Porém no fim da tarde chegou a gripe, ou seja lá o que fez com que o rapaz ardesse sob seus olhos preocupados. A febre e aquele medo antigo, de não estar a altura da responsabilidade, de não ser capaz. Jamais superara aquele medo que nascera, ou que pelo menos se manifestara, no momento da chegada do rapaz, junto com com o líquido que escorrera pelas suas coxas antes mesmo de perceber a dor da primeira contração. Acostumara a amordaçar aquele sentimento para que não precisasse pedir muito, para que não precisasse pedir quase nada. Para ser sempre interessante, divertida, leve. Acostumara a amordaçar aquele sentimento junto com tantos outros, incômodos, que encarcerava dentro do peito e que só gritavam à noite, nas horas de insônia, quando, abraçada aos travesseiros, se enrolava no edredon como em uma camisa de força.

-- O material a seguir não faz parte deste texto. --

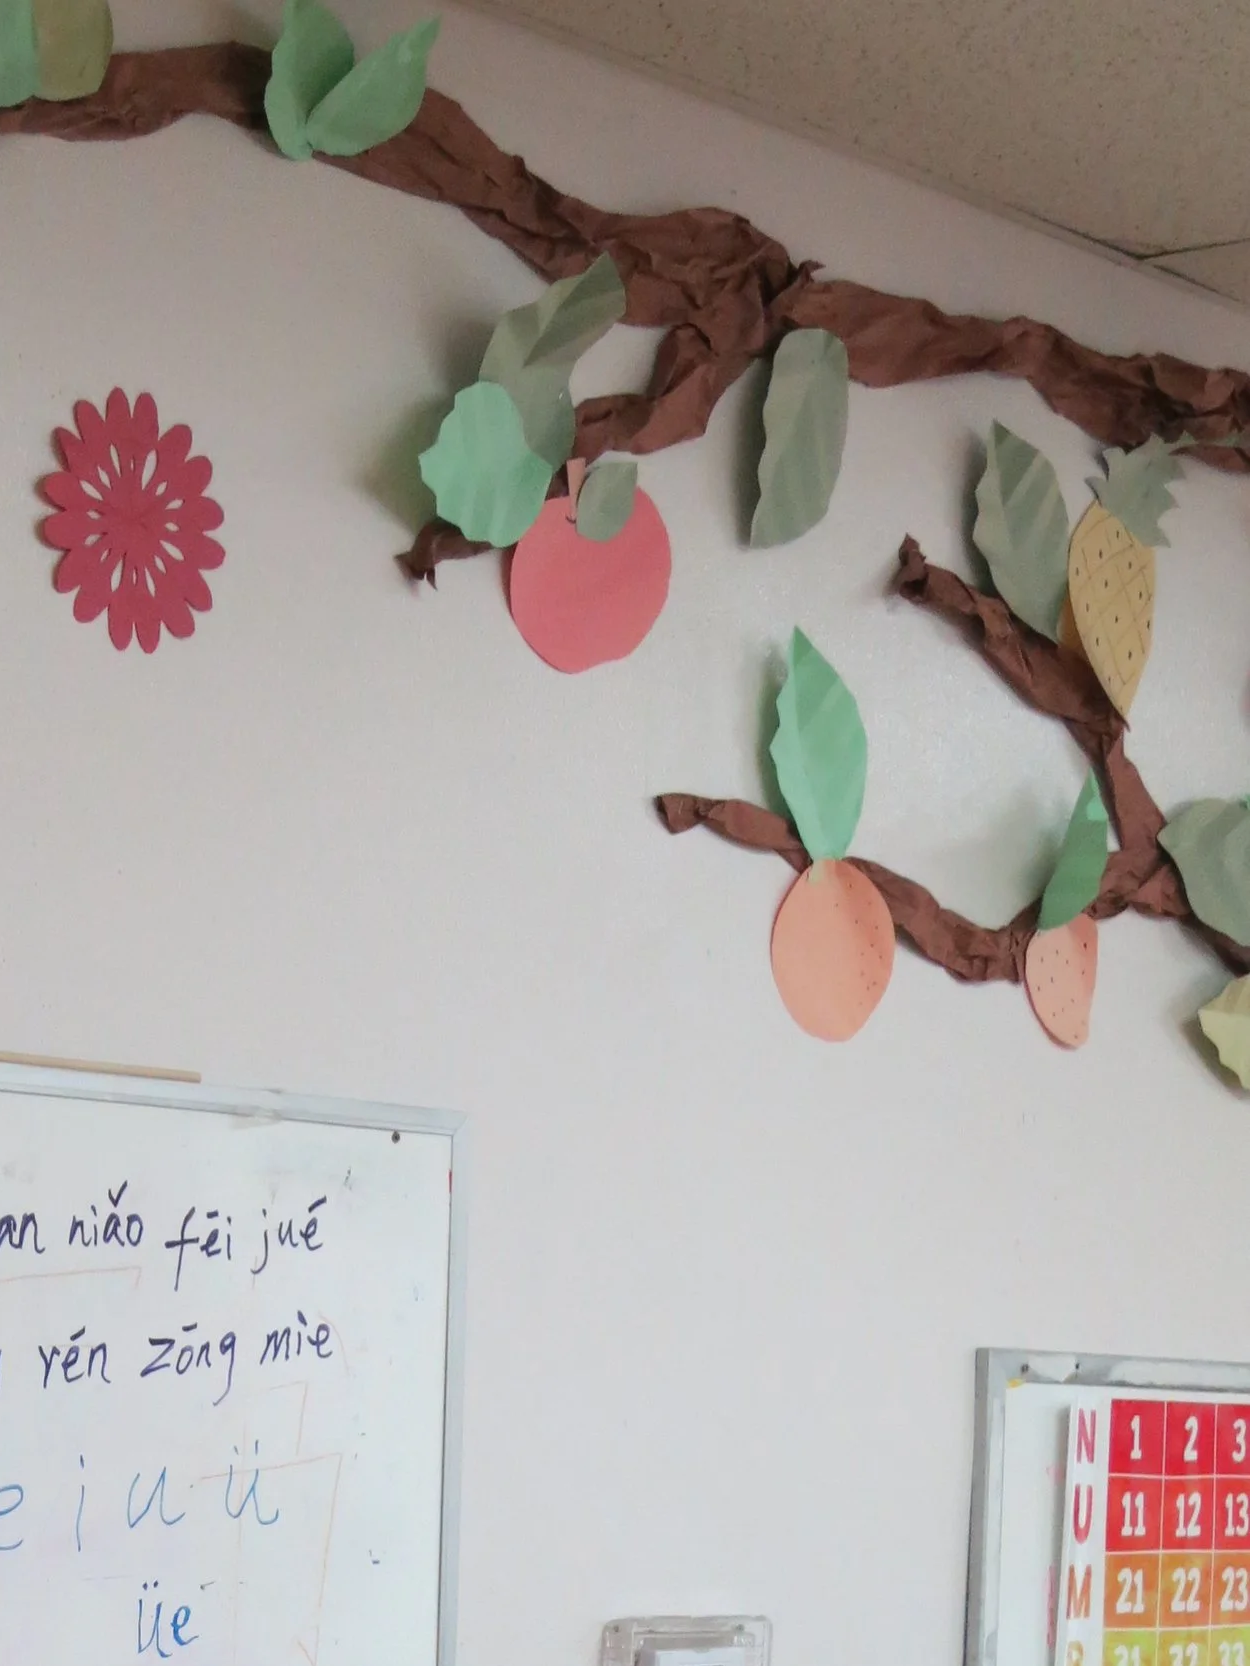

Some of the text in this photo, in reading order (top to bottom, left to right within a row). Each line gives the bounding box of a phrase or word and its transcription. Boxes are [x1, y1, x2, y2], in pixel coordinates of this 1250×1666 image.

[1130, 1414, 1247, 1463] 1 2 3
[77, 1454, 86, 1553] i
[127, 1466, 186, 1530] u
[1120, 1491, 1250, 1538] 11 12 13
[1115, 1566, 1249, 1614] 21 22 23

Com a febre veio o medo, a solidão e a consciência da necessidade de dividir também aquilo. A necessidade de ouvir a voz tranqüilizadora e afetuosa do homem amado; porque amava. Veio a febre e com ela a necessidade de ousar uma nova etapa, de ousar algo que evitara fazer durante os últimos anos: pedir, quase exigir o que dava com prazer, o que achava natural dar.

segunda-feira, 20 de julho de 2009

Invisível

Você não sufoca ninguem, dizia C... chega a ser quase invisível!

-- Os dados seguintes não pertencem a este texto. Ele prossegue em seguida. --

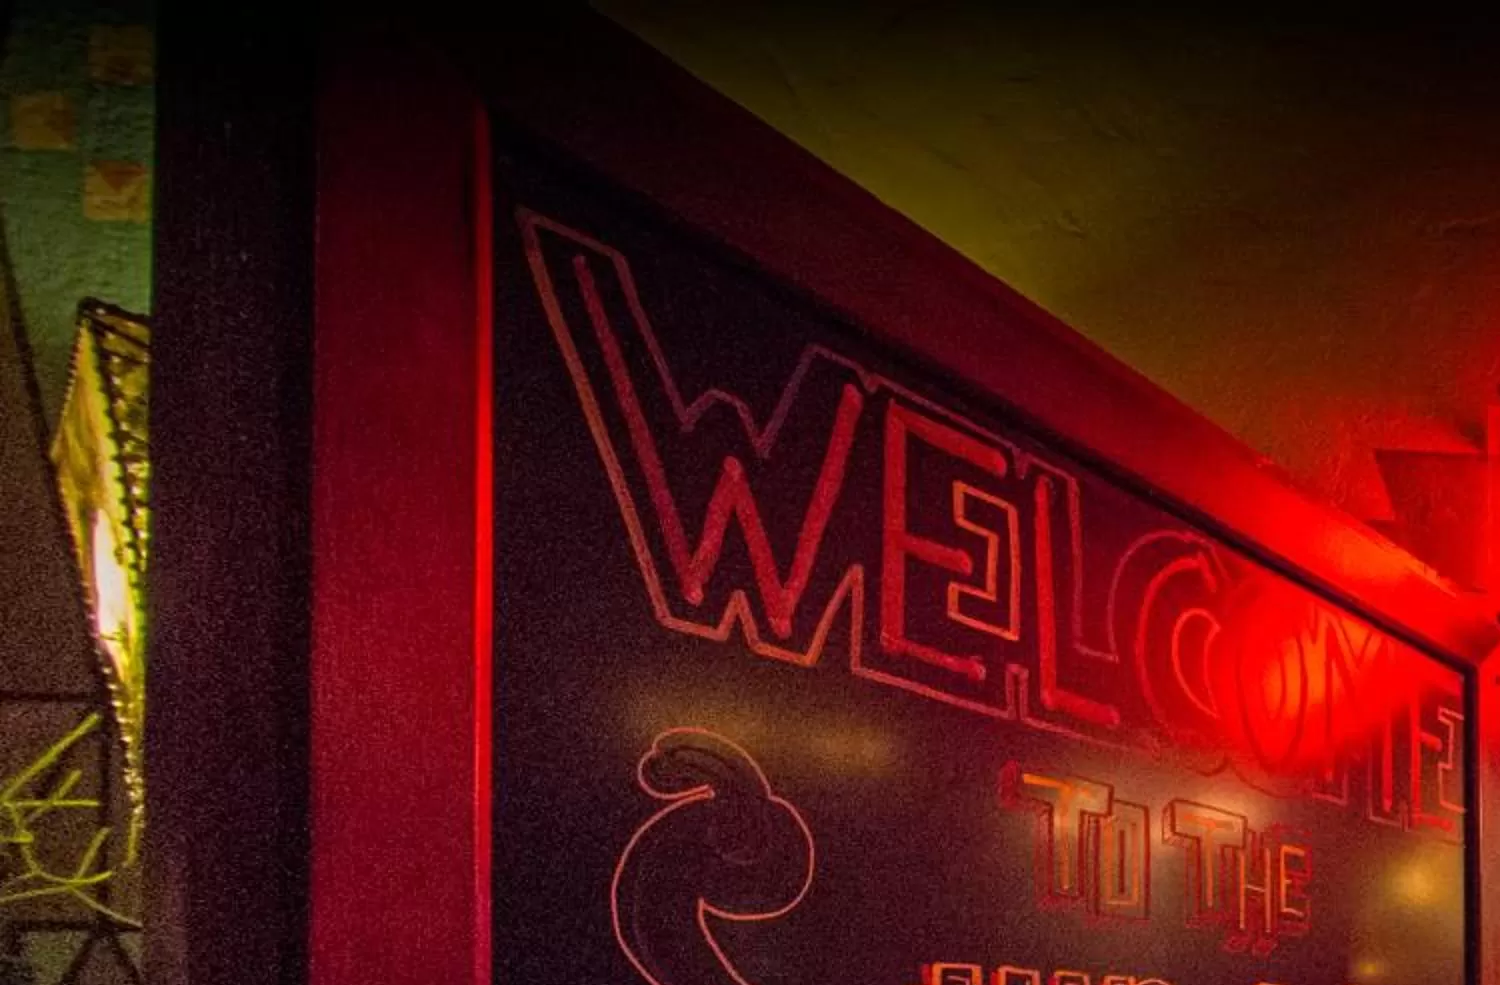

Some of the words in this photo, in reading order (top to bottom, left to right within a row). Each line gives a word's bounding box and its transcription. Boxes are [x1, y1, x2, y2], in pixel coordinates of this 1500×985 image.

[515, 206, 1468, 848] WELCOME
[1002, 762, 1150, 925] TO
[1163, 798, 1312, 950] THE

Não lembrava bem quando aquilo começou, devia ser muito pequena! A... falava sem parar, entoava uma cantilena, uma ladainha, engrenava uma corrente de lamentações, cantava a infância que não teve, de como tinha de fazer tudo sozinha, da vontade de sumir! -Um dia eu sumo e vocês não me encontram mais! Aquilo ia crescendo; a irritação, a indignação, o tom de voz... nesses momentos era melhor não chamar a atenção.

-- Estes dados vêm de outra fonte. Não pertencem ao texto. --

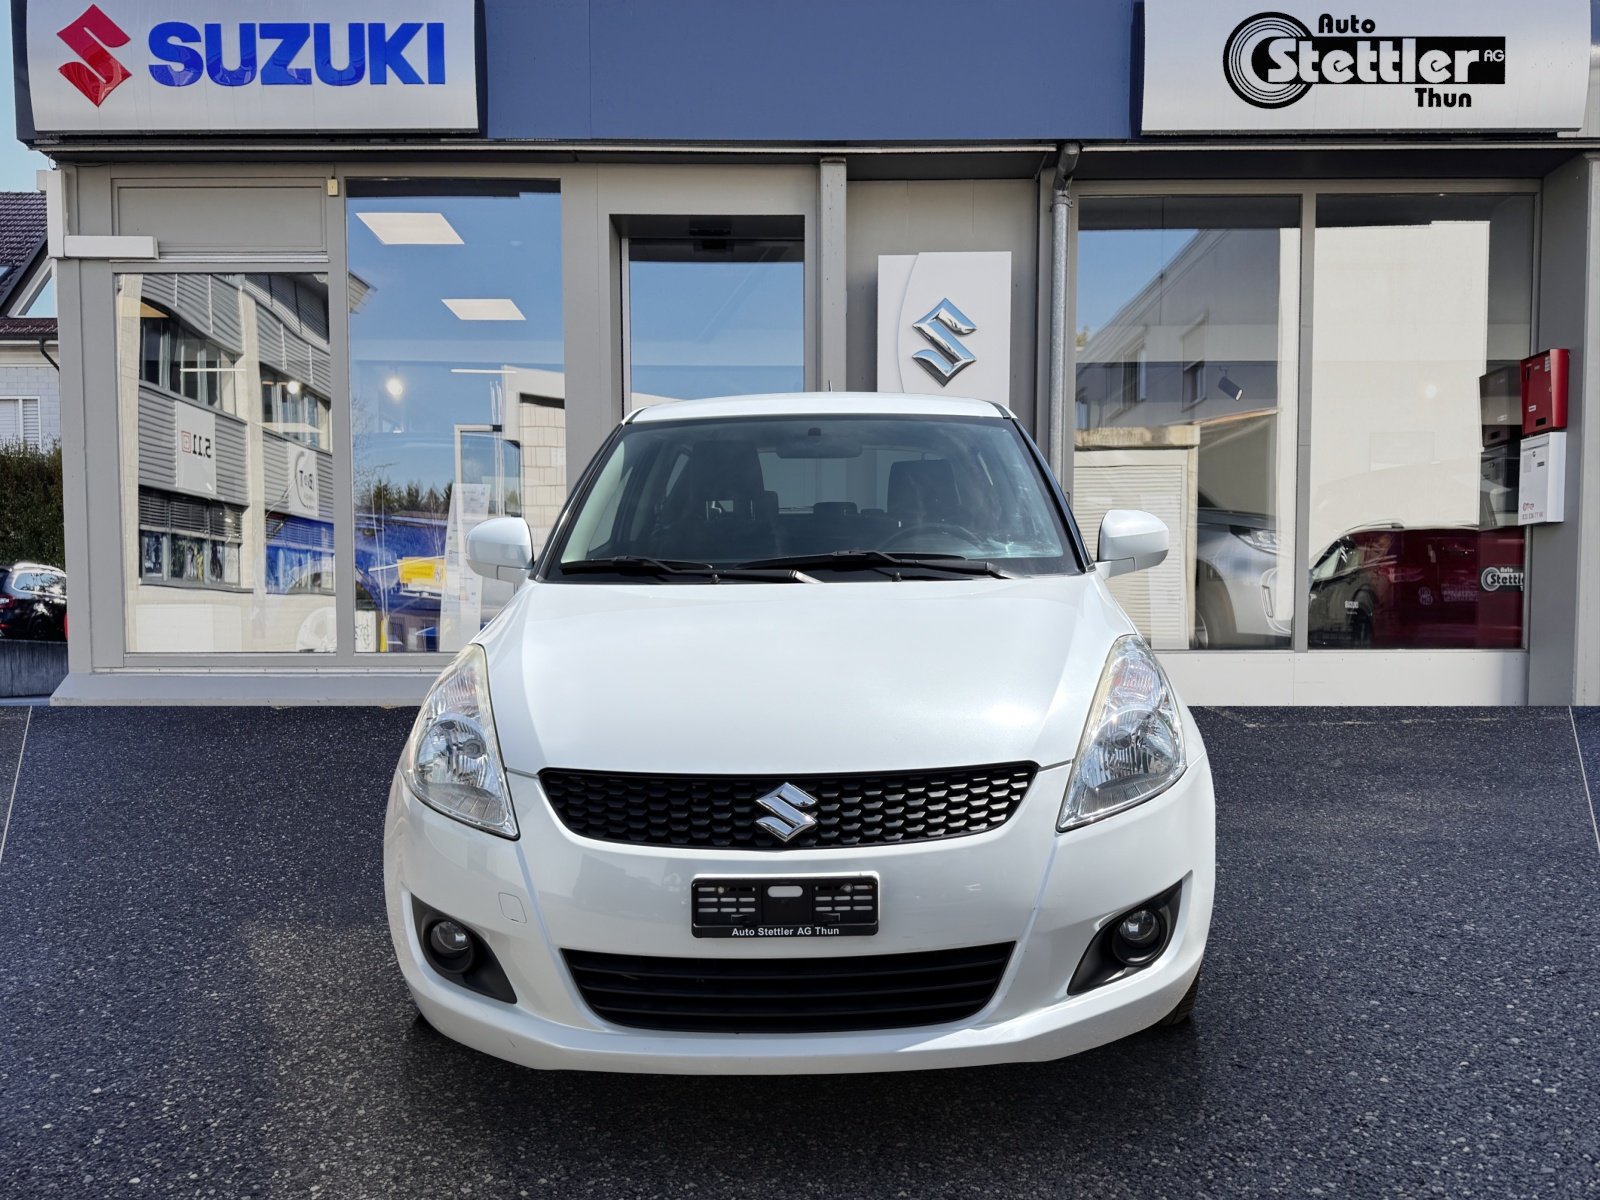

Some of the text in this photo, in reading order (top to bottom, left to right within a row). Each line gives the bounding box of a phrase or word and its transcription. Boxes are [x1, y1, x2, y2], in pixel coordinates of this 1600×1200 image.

[1318, 13, 1376, 34] Auto
[148, 21, 445, 87] SUZUKI
[1267, 37, 1505, 84] Stettler AG
[1414, 87, 1472, 108] Thun
[731, 926, 840, 936] Auto Stettler AG Thun

Invisível, dizia C... Devia ser assim que aquilo começou, embora não lembrasse bem!
...
Ele compunha: deitava, levantava, andava, pegava o violão, largava o violão, voltava a pegar e dedilhava insistentemente um trecho da música, se debruçava sobre o instrumento e escrevia algo em uma folha de papel. De onde estava não conseguia ler o que ele escrevia. Enroscada no canto da cama, abraçada em travesseiros, tentava respirar baixo e conter os ruídos incômodos do seu estômago. Por vezes cochilava, embora sem distrair daquele corpo que trabalhava. Sem distrair do homem, da pele, veias, pêlos, cheiro; daquele corpo que se movimentava febrilmente, apaixonadamente. Por vezes ele se afastava do quarto e ela ouvia atenta os passos e o barulho do papel sacudido nervosamente. Muito, muito atenta media a distância pela intensidade dos sons, para se certificar que ele ainda estaria dentro da zona de segurança, o perímetro que permitiria que o alcançasse com um salto e alguns passos rápidos, para impedi-lo de partir... Impedi-lo de partir!
Então ele voltava... por vezes seus olhares se encontravam e ela esboçava alívio em um discreto sorriso, discreto o suficiente para não perturbá-lo.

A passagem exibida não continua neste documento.